Calculated in Death (In Death #36)(49)
“I like her very much, personally and professionally. I actually met Marta a few times. She struck me as a lovely and loving woman.”
“She’s coming off that way. She’s dead because she drew the short straw.”
“I’m sorry?”
“Everything points to it. Two auditors get banged up, put out of commission. She inherits some of their files. Hours later, she’s dead in what the killers hope we’ll see as a violent mugging. Hours after that, the offices where she works are compromised, her computer messed with, and the files—and the master copies—go missing.
“Short straw.”
“Yes, I see. I agree, insofar as her murder was impersonal and poorly masked. You call it semi-pro in your report. I think that’s very accurate.”
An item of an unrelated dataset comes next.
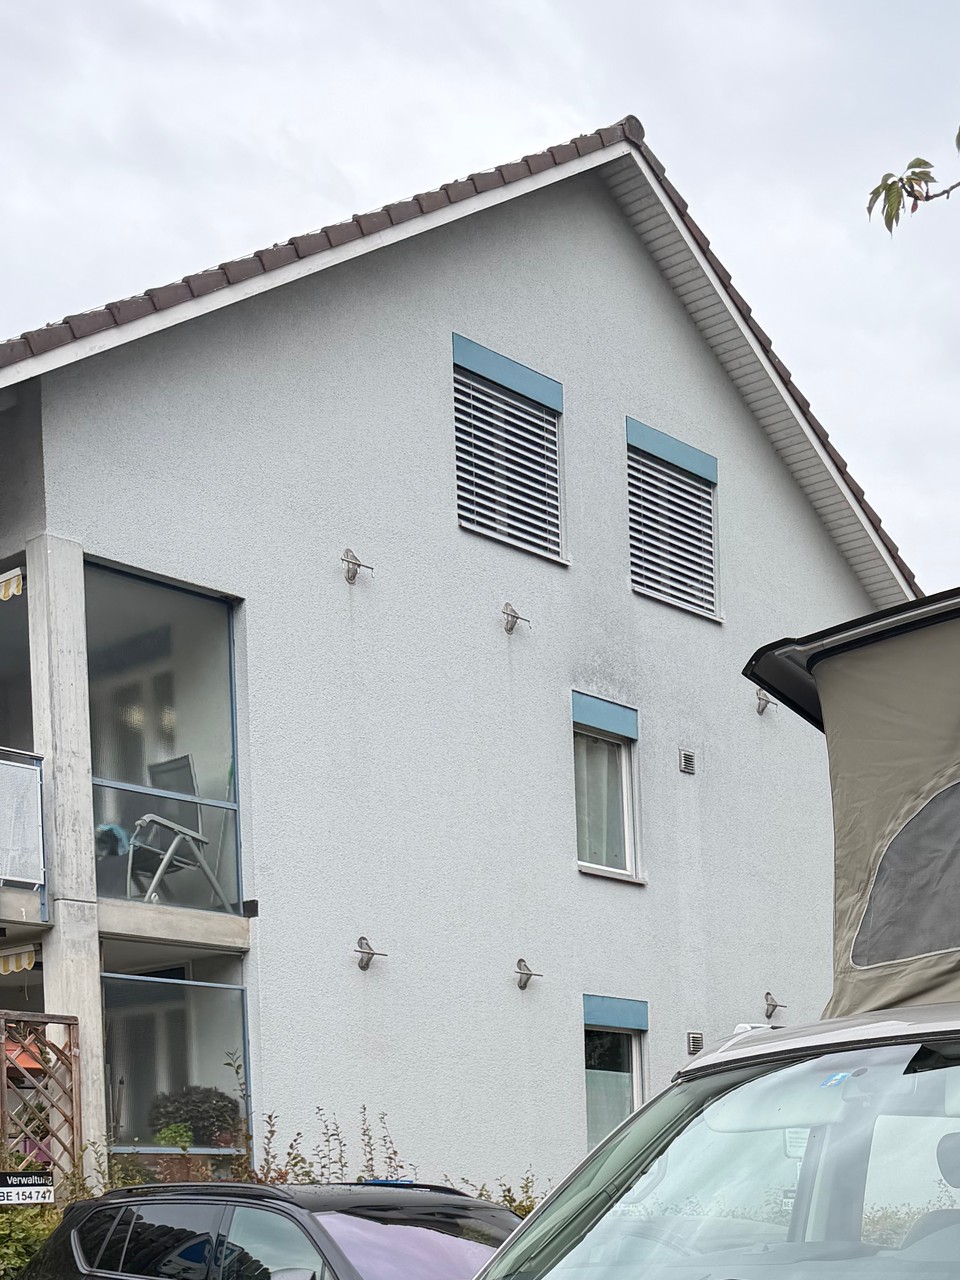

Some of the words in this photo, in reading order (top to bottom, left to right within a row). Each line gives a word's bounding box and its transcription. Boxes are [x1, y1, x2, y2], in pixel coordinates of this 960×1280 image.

[0, 1191, 13, 1201] BE
[15, 1191, 33, 1201] 154
[35, 1190, 52, 1201] 747
“I’ve got these honchos, okay? Companies I’m taking a hard look at. I’ve got Roarke doing his thing—who knows business and numbers and money better—so he may give me more to take a hard look at, or eliminate some I’m looking at now. But the honchos all have, let’s say, attributes that could have them order the murder of an accountant. She’s just a tool, and the wrong tool at that, which makes her a potential liability.”
“It was rushed. Both the time frame and the profile of the killing were rushed. Still honchos as you say can afford full professionals.”
“Can afford,” Eve agreed, “but maybe don’t see the need to pay. You’ve got security of some kind on the payroll already. Put them on it, give them a little bonus on the side. She’s just a droid, basically, no big deal.”
“Their needs outweigh hers.” Mira nodded as she sipped tea. “They can’t concern themselves with the lives of those who work for them, work under them.” Mira sipped again and considered. “I’d like to read your interview reports from this morning.”
“I’ll get them to you.”
“I would say you’re dealing with brutish, cold-blooded, and physically trained individuals for the actual killing. Those who do what they’re told, but don’t think for themselves. Taking the victim away from her workplace, leaving her body blocks from where she would have been shows a lack of logic.”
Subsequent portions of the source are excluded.